Problem: Apache Spark UI Shows Less Than Total Node Memory
Problem
The Executors tab in the Spark UI shows less memory than is actually available on the node:
An m4.xlarge instance (16 GB ram, 4 core) for the driver node, shows
4.5 GB
memory on the Executors tab.An m4.large instance (8 GB ram, 2 core) for the driver node, shows
710 GB
memory on the Executors tab:
Cause
The total amount of memory shown is less than the memory on the cluster because some memory is occupied by kernel and node-level services.
Solution
To calculate the available amount of memory, you can use the formula used for executor memory allocation:
(all_memory_size * 0.97 - 4800MB) * 0.8
where:
- 0.97 accounts for kernel overhead.
- 4800 MB accounts for internal node-level services (node daemon, log daemon, and so on).
- 0.8 is a heuristic to ensure the LXC container running the Spark process doesn’t crash due to out-of-memory errors.

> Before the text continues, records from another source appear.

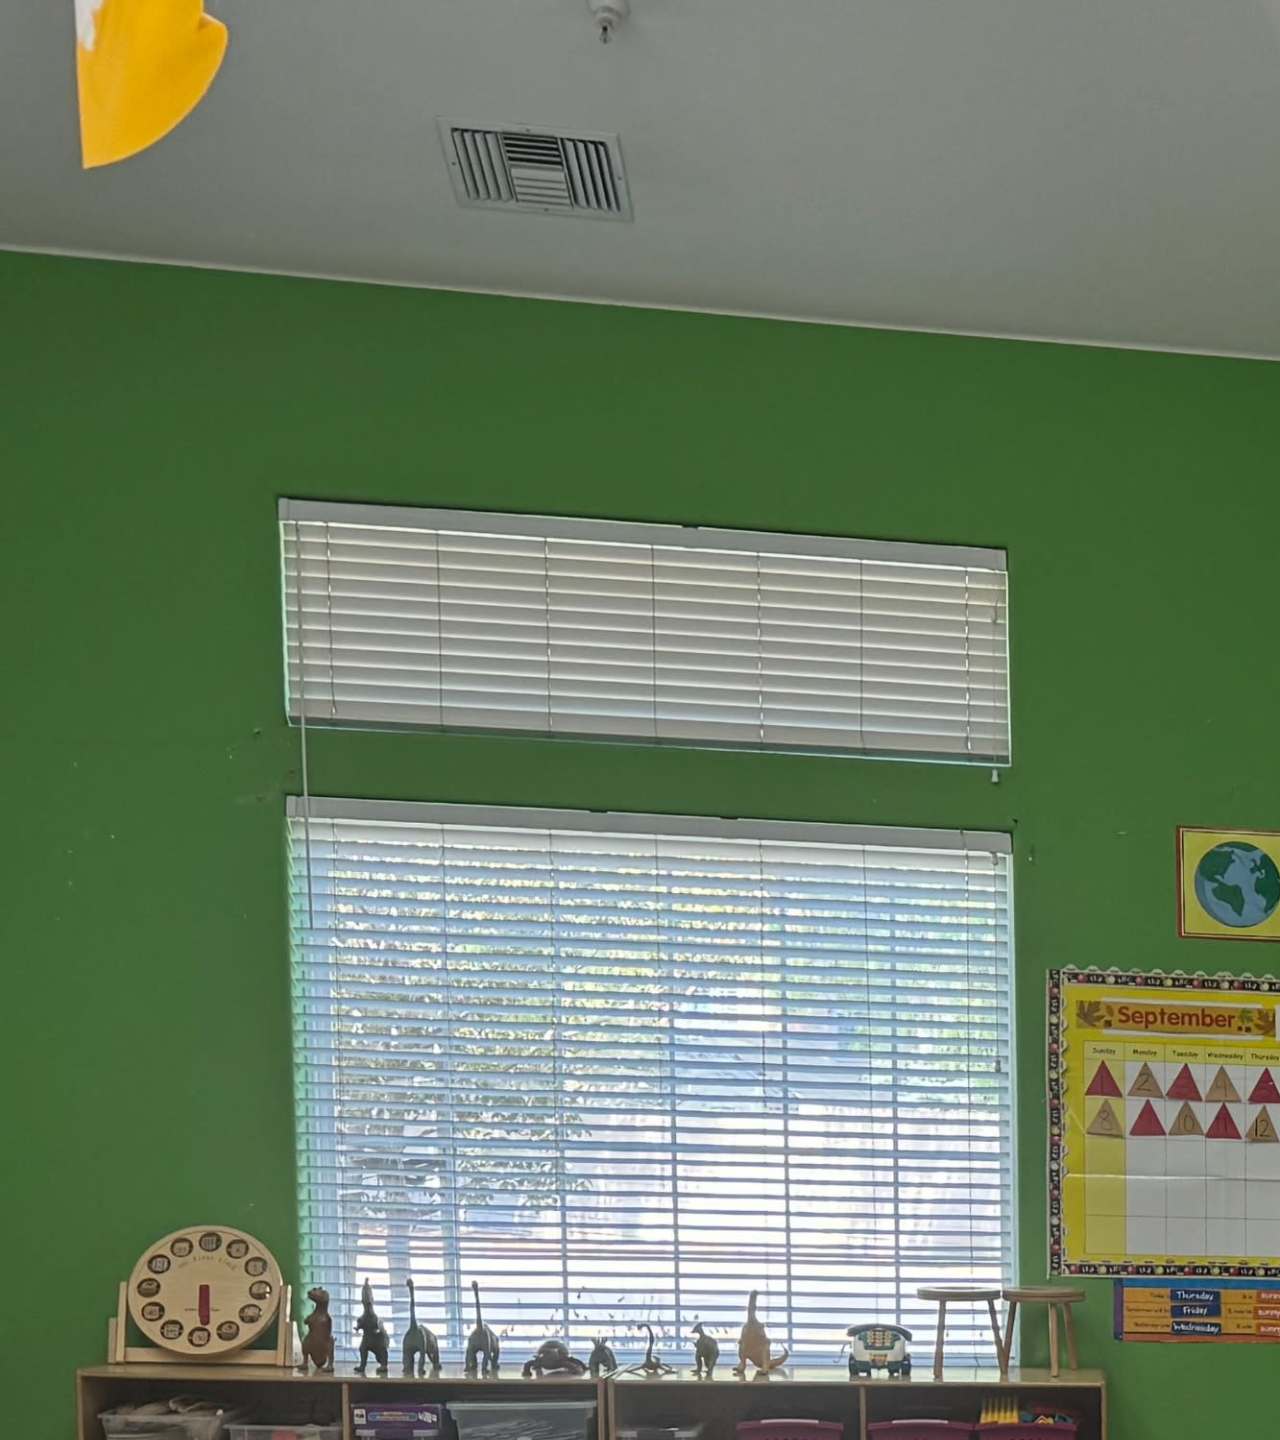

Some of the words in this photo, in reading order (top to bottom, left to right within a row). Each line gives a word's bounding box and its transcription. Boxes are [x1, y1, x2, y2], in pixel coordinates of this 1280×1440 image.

[1117, 1006, 1236, 1029] September
[1254, 1117, 1269, 1137] 12
[1176, 1290, 1215, 1302] Thursday
[1182, 1305, 1208, 1316] Friday
[1172, 1321, 1220, 1334] Wednesday
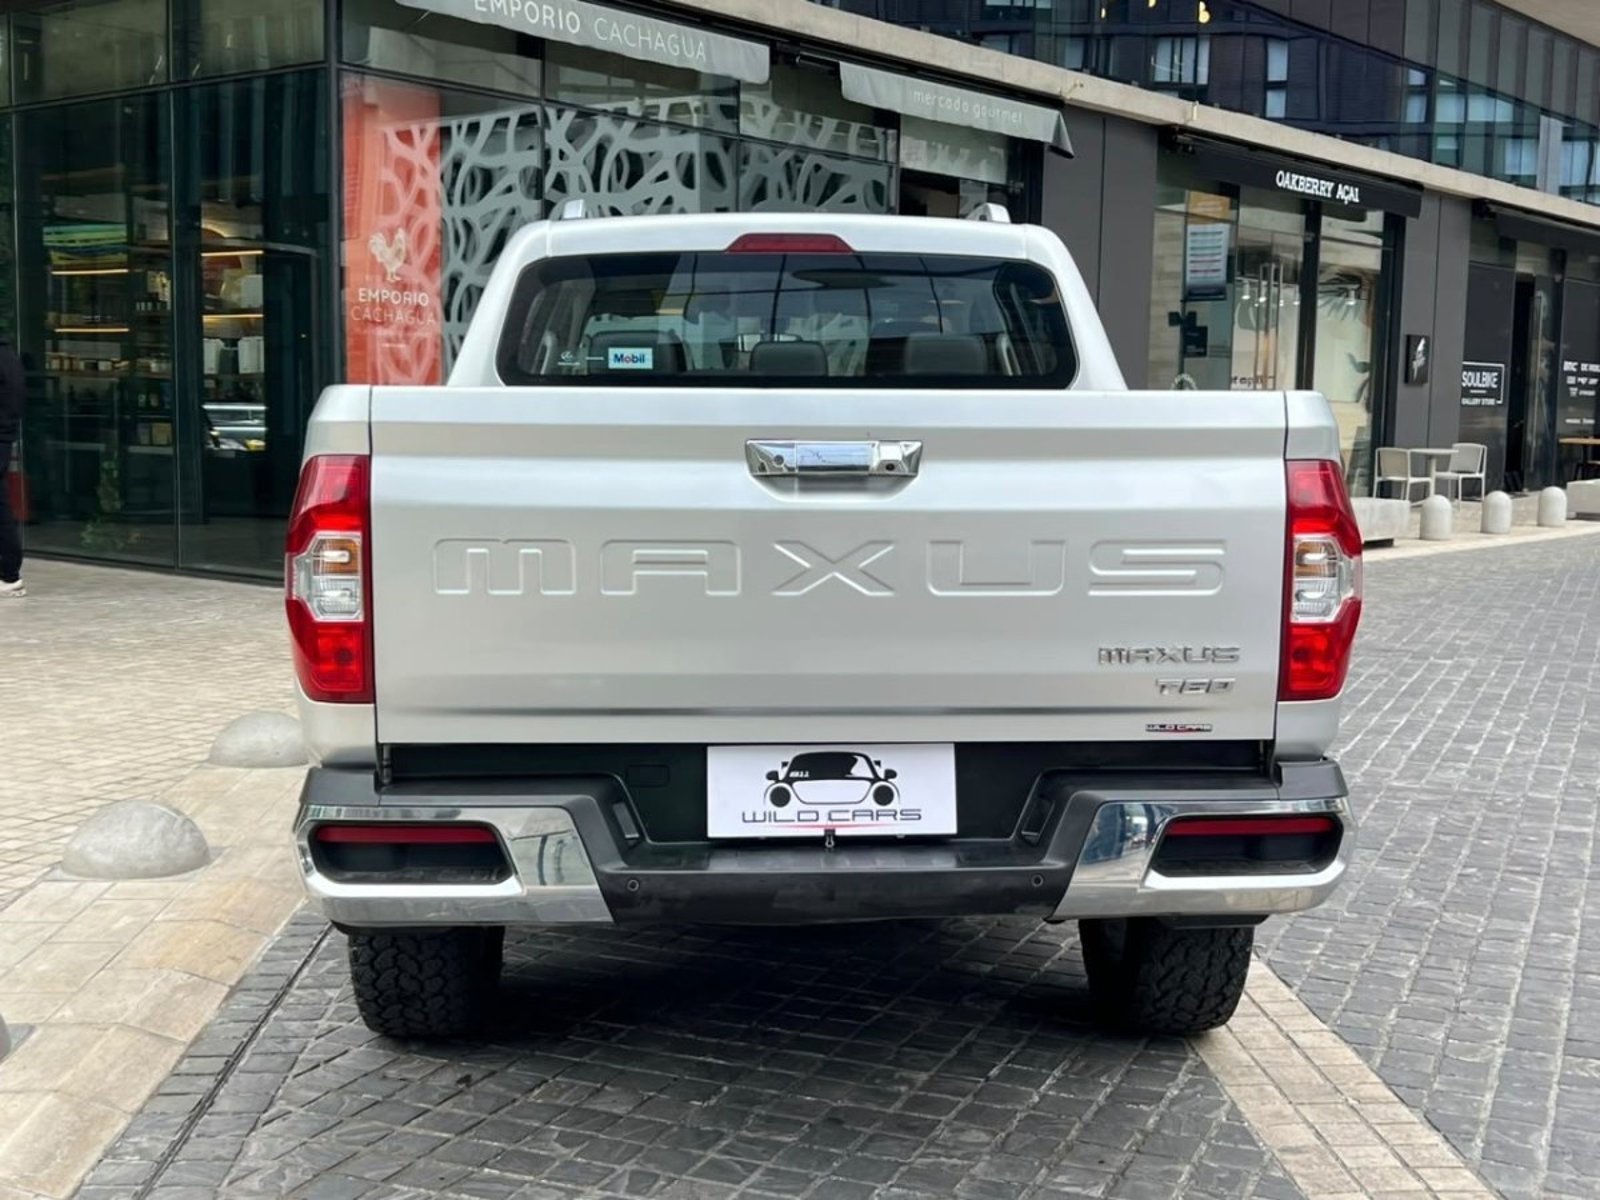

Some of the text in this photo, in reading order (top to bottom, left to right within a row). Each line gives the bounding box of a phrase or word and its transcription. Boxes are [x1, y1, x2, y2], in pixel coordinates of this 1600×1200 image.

Total available memory for storage on an m4.large instance is (8192MB * 0.97 - 4800MB) * 0.8 - 1024
= 1.2 GB. Because the parameter spark.memory.fraction
is by default 0.6, approximately (1.2 * 0.6)
= ~710 MB is available for storage.
You can change the spark.memory.fraction
Spark configuration to adjust this parameter. Calculate the available memory for a new parameter as follows:
- If you use an m4.large instance, which has 8192 MB memory, it has available memory 1.2 GB.
- If you specify a
spark.memory.fraction
of 0.8, the Executors tab in the Spark UI should show:(1.2 * 0.8)
GB = ~960 MB.